The main difference between a business that is doing well and one that is doing great is that the latter thrives off of the right decision making that is backed by data.

By the end of the article you’ll know what eCommerce analytic metrics are important to keep track of in order to provide sustainable and long-term growth for your DTC eCommerce business. If you meet one of the following criteria then this is for you:

  • Your business is growing and you need to start to actively measure your performance KPIs
    You have successfully launched your brand & revenue is growing, however, you have no clue what screws to skew in order to maintain or even accelerate that growth.
  • You already measure core metrics, but you feel like that you are not hitting the right “point” yet
    So many businesses out there, focus on metrics that have nothing to do with the growth of their eCommerce business, make sure you are not one of them.
  • You want to find actionable insights within your data to skyrocket your growth and marketing success
    You have access to so much data at hand, it is difficult to find the right KPIs that actually move the needle. Know how to find and actively improve those metrics.
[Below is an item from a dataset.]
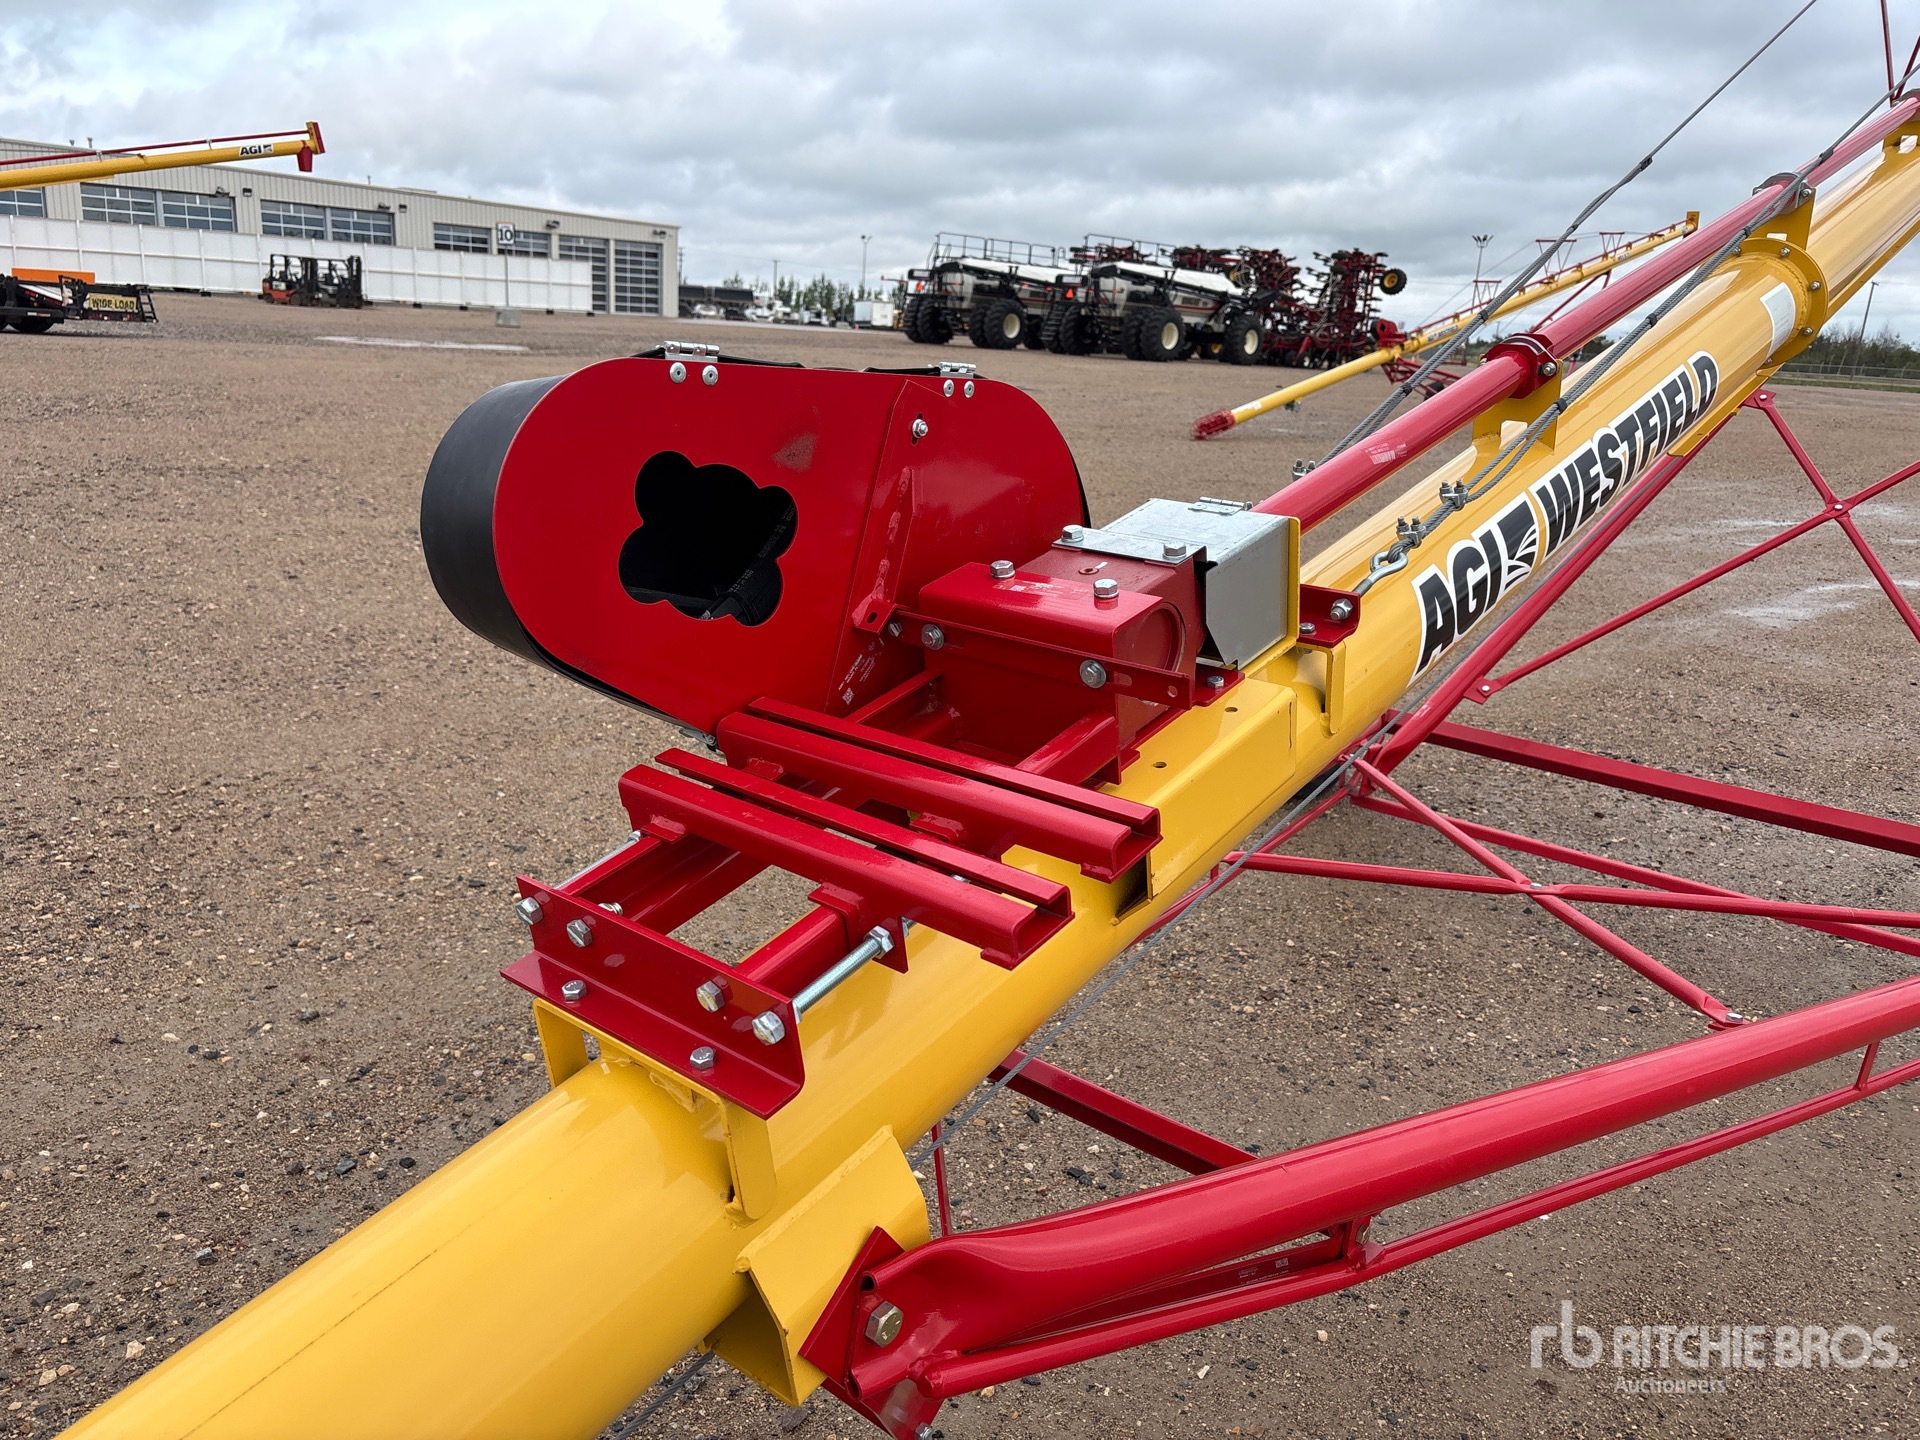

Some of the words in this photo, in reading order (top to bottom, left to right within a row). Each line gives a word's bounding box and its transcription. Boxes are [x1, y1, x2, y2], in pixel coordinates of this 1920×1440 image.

From the difference between metrics and KPIs to the the different cohorts of your audience up to Google Analytics Best Practices, we are going to cover everything you need to know in order to stay in on top of your data & make sure you take the right decisions that lead to the long term success of your business and marketing campaigns. 

Let’s dive into the difference between metrics and KPIs and if you feel like you don’t want to read the whole article (although you should! ☝🏻), feel free to skip ahead…

Skip ahead 👇

  1. Metrics vs. KPIs
  2. There’s no such things as a a good KPIs
  3. Different cohorts of your audience: Finding growth through data
  4. Which KPIs to track for which cohort
  5. Google Analytics Best Practices
  6. Google Analytics Common Mistakes

Metrics vs. KPIs

Before we go into what metrics to keep track of for your eCommerce brand and how to go about analysing them when it comes to Google Analytics, what ARE metrics? And why do some people call them KPIs? Are they synonyms or do they actually mean something completely different.

What is a metric?

A metric is a quantifiable, consistently defined measurement of performance. Commonly known metrics can range from creative performance metrics like click-through rates to website performance metrics like conversion rate or average order value.

The list of eCommerce metrics as mentioned above is long. There are metrics for Google Analytics, your online store, email marketing and even custom metrics that you can create yourself that are derived from two or even three different usually independent metrics.

What is a KPI?

KPI - key performance indicator - although a metric, the difference is a KPI is an important metric. A KPI is a metric that is directly correlated to the growth of your business or the respective marketing channel.

While a metric like page visits is important to be aware of, orders is the metric that actually drives the growth within your business. Orders then would be your KPI. You can have and even should have different KPIs for different scenarios and measurements within your business.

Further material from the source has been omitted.